INTRODUCTION: Bacterial antibiotic resistance increases every year, creating an urgent need to develop new antibacterial materials. Gallium has been studied since the 1970s as an effective treatment for bone diseases and has recently shown antibacterial activity against different bacterial strains. Therefore, gallium doped hydroxyapatite (GaHAp) could be used as an antibacterial agent. The aim of the study was to investigate the effect of gallium on hydroxyapatite properties and P. aeruginosa growth.
METHODS: GaHAp was synthesized with a wet chemical precipitation method with a concentration of gallium 2wt%, 4wt%, 6.3wt% and 8wt%. CaO, H3PO4 and Ga(NO3)3*xH2O were used as raw materials. Synthesis was performed at 45 °C and final pH was 6.95±0.05. GaHAp was characterised with X-ray Diffraction analysis (XRD), Fourier Transform Infrared Spectroscopy (FTIR) and Specific Surface Area (SSA) was measured with N2 adsorption system BET method. Ion release in Dulbecco’s Modified Eagle Medium (DMEM) was measured for 18 days by Inductively Coupled Plasma Mass Spectrometry (ICP-MS). P. aeruginosa growth was conducted in Tryptic soya broth (TSB) with GaHAp concentrations of 1, 2 and 4 mg/mL (dry sample). The growth curves were obtained by monitoring the absorbance (optical density) at 600 nm (OD600) for 18 hours and subtracting starting OD600-t=0 from all measurements.

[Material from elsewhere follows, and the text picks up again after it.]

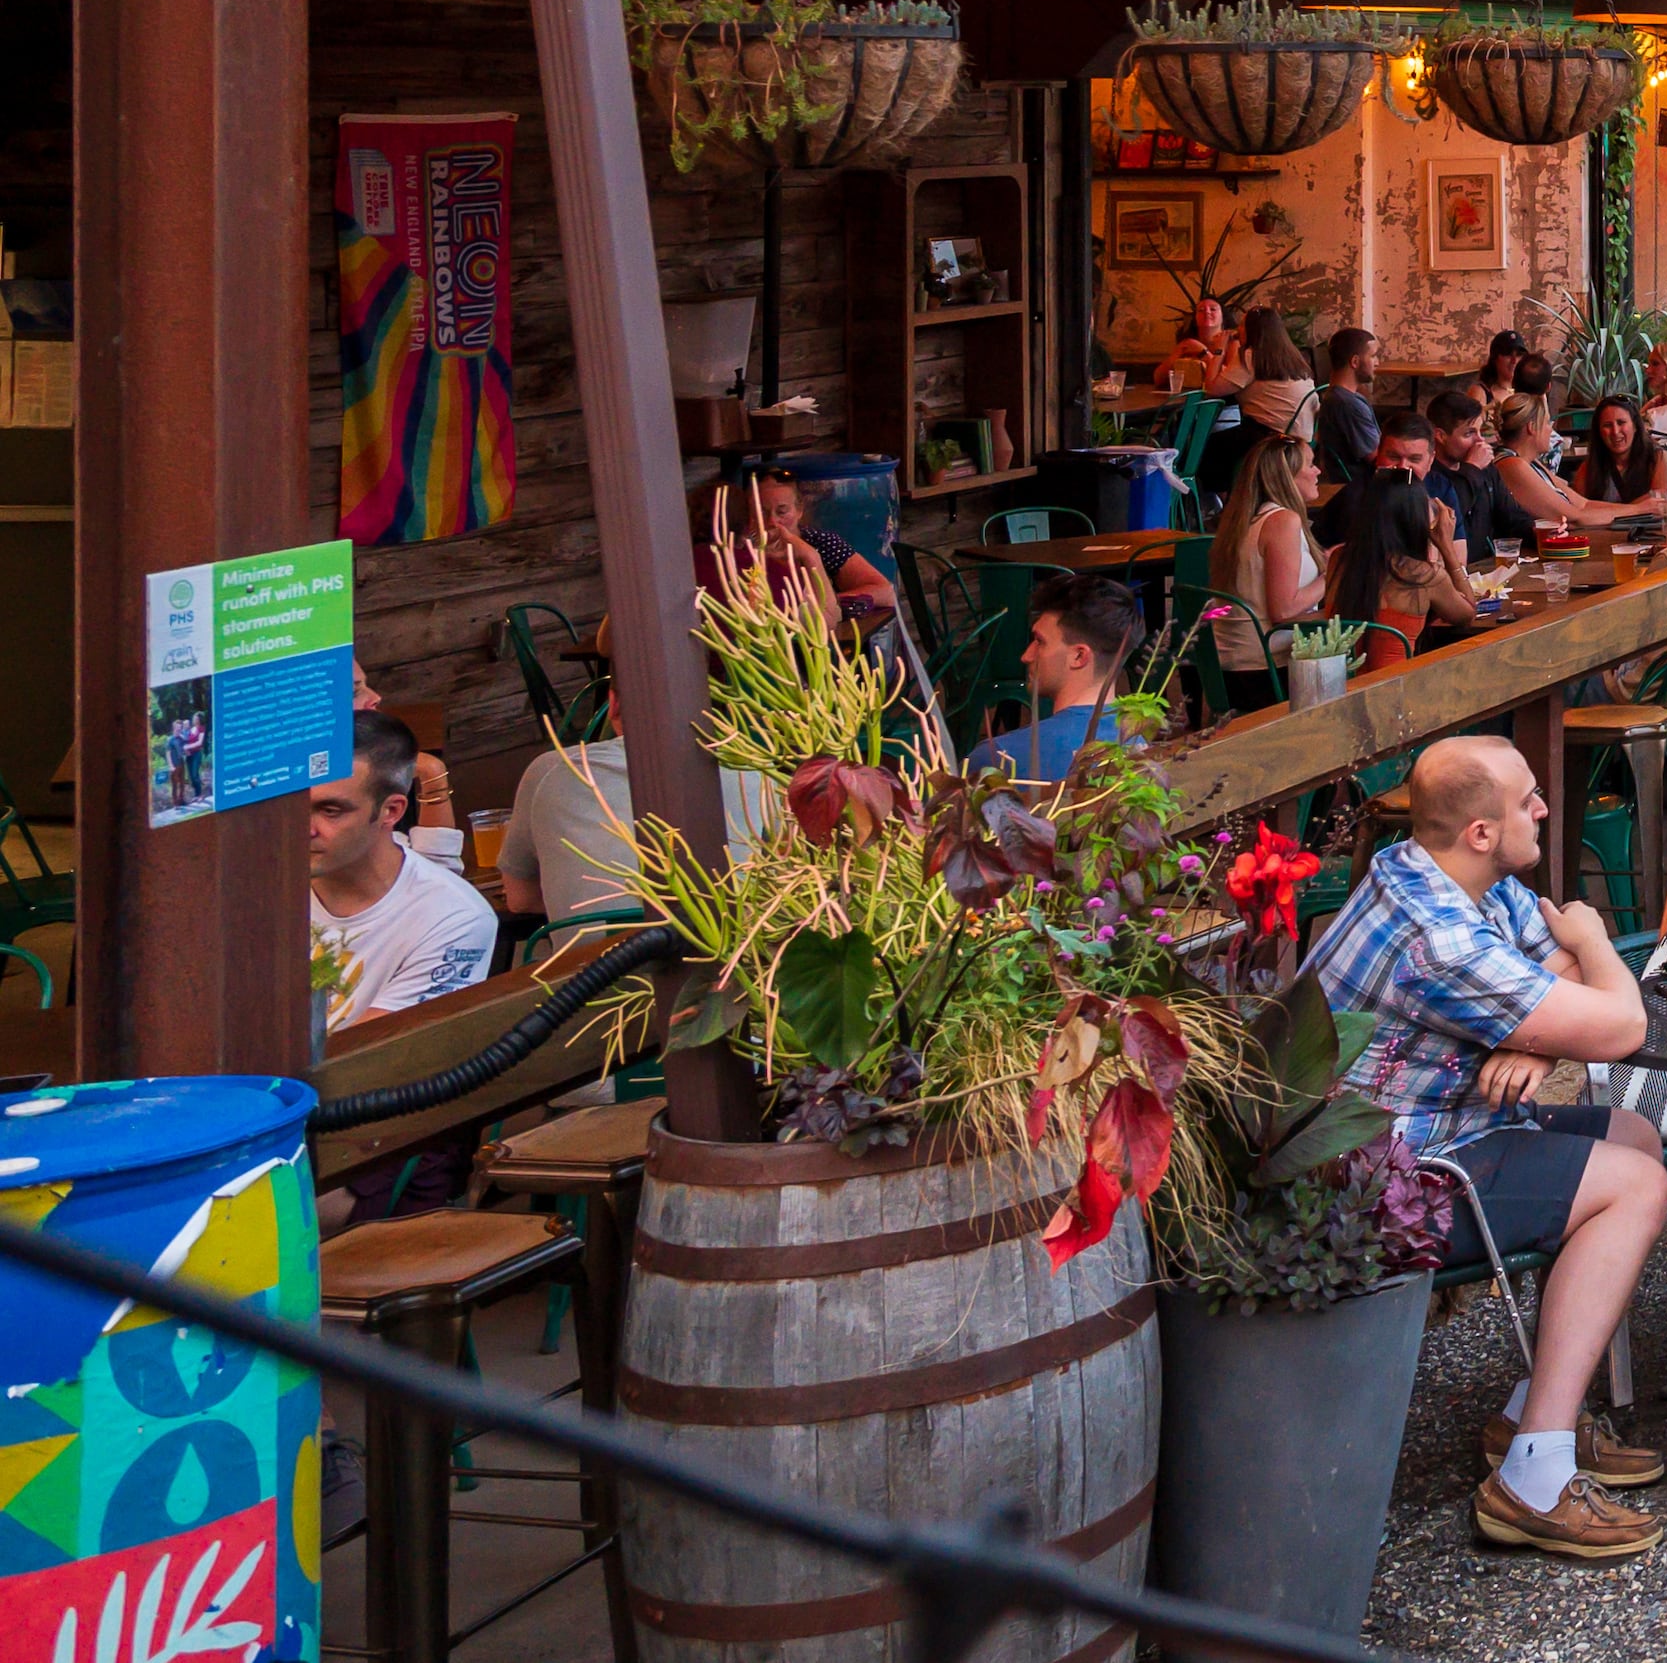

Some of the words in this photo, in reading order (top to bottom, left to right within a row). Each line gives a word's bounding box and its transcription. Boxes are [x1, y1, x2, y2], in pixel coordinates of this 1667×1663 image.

RESULTS: The obtained GaHAp showed characteristic apatite peaks on XRD with decreased crystallinity. Additional gallium compound phases were not observed. The obtained GaHAp compared to HAp has a higher specific surface area, indicating a decrease in particle size. Ga3+ ions were constantly released over 18 days with a release range of ~ 40%. The antibacterial test showed that 4 mg/mL of GaHAp suspension induced a total inhibition of P. aeruginosa.
CONCLUSIONS: Gallium ions inhibit hydroxyapatite crystal formation. GaHAp allows a sustained release kinetic of Ga3+ ions. Also, GaHAp has the potential of P. aeruginosa bacteria growth inhibition.
ACKNOWLEDGEMENTS: This research is funded by the EuroNanoMed III project “NANO delivery system for one-shot regenerative therapy of peri-implantitis” (ImlpantNano).
Authors acknowledge financial support from the European Union’s Horizon 2020 research and innovation programme under the grant agreement No 857287.